Je me décline devant vous.

Je ne suis pas familier avec l’omerta virtuelle.  Mais je comprends que dans le cercle des blogueurs, la présentation de soi est un passage obligé.  C’est, semble-t-il, un rituel auquel  je devrai invraisemblablement me soumettre.  Anecdotes, blagues, humiliations sur ma personne, le tout servant le seul objectif de vous donner, vous lecteur, une douce impression de me connaître.  Nous pourrons ainsi bâtir une relation buco-digitale digne des plus belles chansons de Paolo Noël.

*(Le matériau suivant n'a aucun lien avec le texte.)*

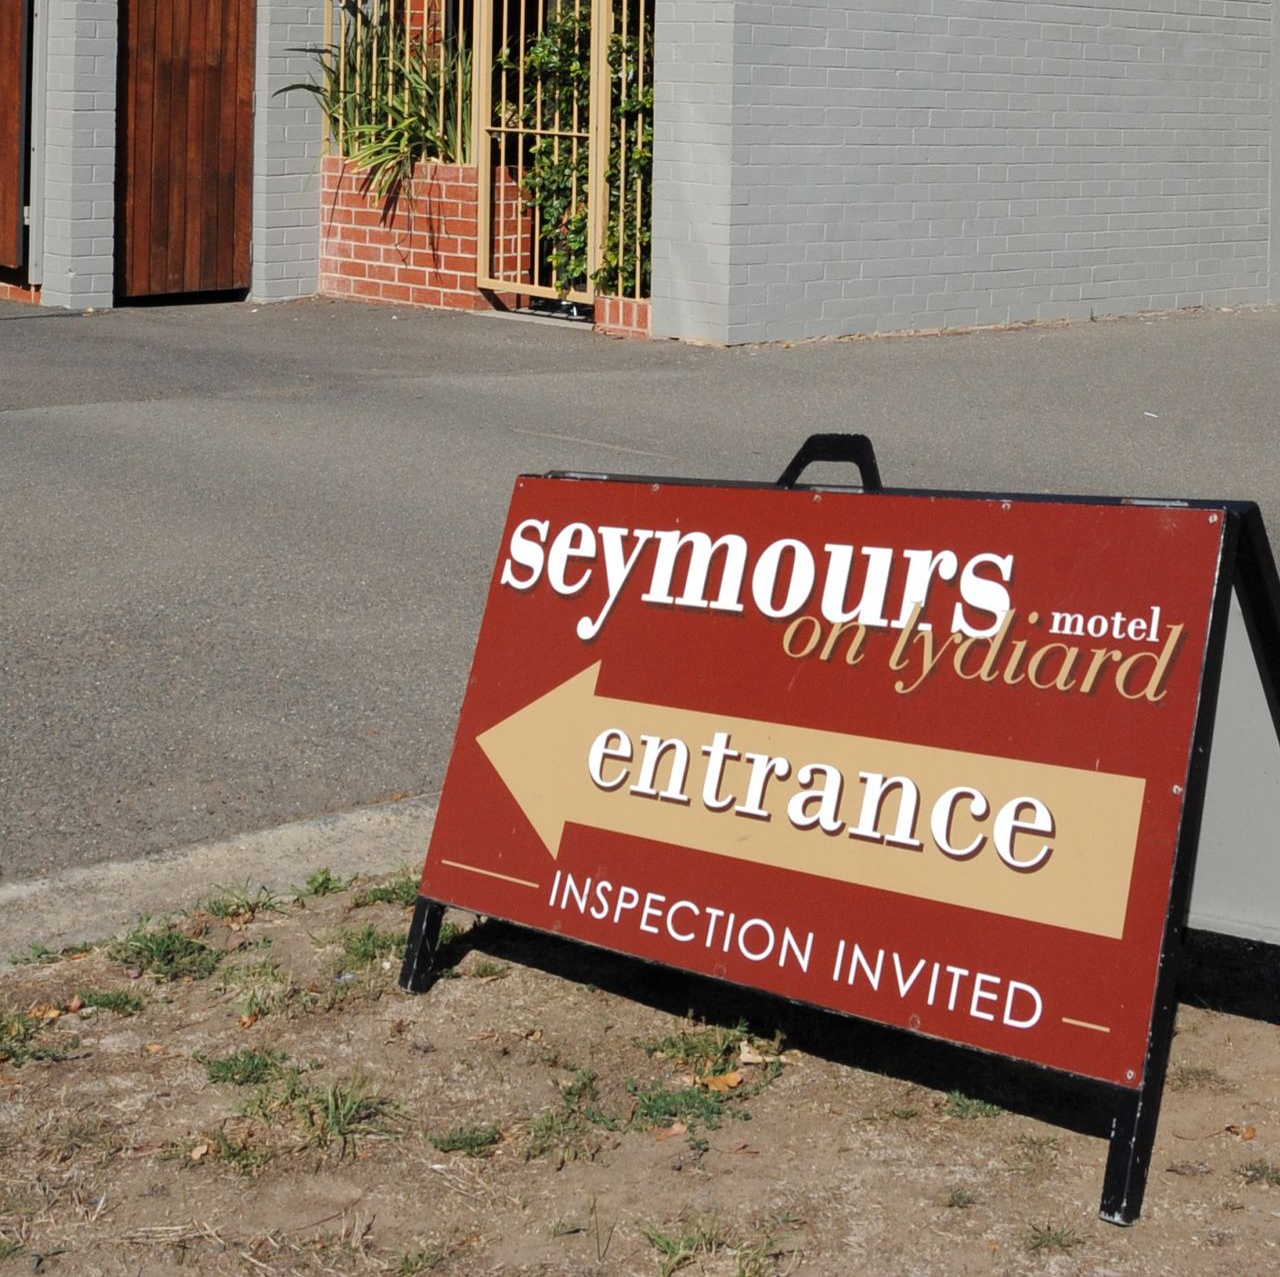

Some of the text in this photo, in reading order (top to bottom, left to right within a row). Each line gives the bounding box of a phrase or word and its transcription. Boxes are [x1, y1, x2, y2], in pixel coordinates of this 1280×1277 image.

Se présenter est un art. Une délicatesse que nos aînés observaient avec diligence et respect.  À l’époque, se présenter c’était regarder l’autre drette dans les yeux et lui dire (en 1962 plus précisément) : «je m’appelle Simon Painchaud, je suis laitier et j’entretiens des relations bi-hebdomadaires avec votre femme».  Mais ce temps où une poignée de main franche valait son pesant de coke est révolu.  Aujourd’hui on ne se présente plus, on s’expose.  Va voir mon facebook, check mon update sur twitter, lis mon blogue sur Urbania.ca.  Va voir qui je suis, comment j’existe. Puisqu’on est dans l’ère du temps et que c’est tellement une belle valeur le partage, voici donc l’exposition de ma personne.  (C’est Michel Vastel qui m’a conseillé de faire ainsi, entre deux gorgées de thé avec Nathalie.)  Pour combler vos sens, voici donc ma vie numérisée, s’échelonnant entre ma naissance où je me suis présenté par le siège, jusqu’à aujourd’hui. Très tôt j’ai été diagnostiqué boulimique. Heureusement, j’ai été vacciné contre la tuberculose et le tétanos. À 5 ans, je ne marchais toujours pas.  J’ai été élu président de ma classe en 3e année. J’ai lâché l’école après ma 6e année, trop de pression au Pokémon.            J’ai posé avec ma sœur et mon père pour le centerfold de l’Actualité en 1991.                      J’ai goalé pendant des années avec une vision de -1,75 à chaque oeil.                      Je jouais du drum dans le sous-sol de mes parents.                       J’avais un chien qui était dans les Blood.                          Jouer de l’argent aux dés avec mes amis est une véritable passion.                        Voici ce que je porte sur moi tous les jours de semaine.               Bonus première édition : Tous ceux qui m’écrivent des commentaires je les add comme friendz.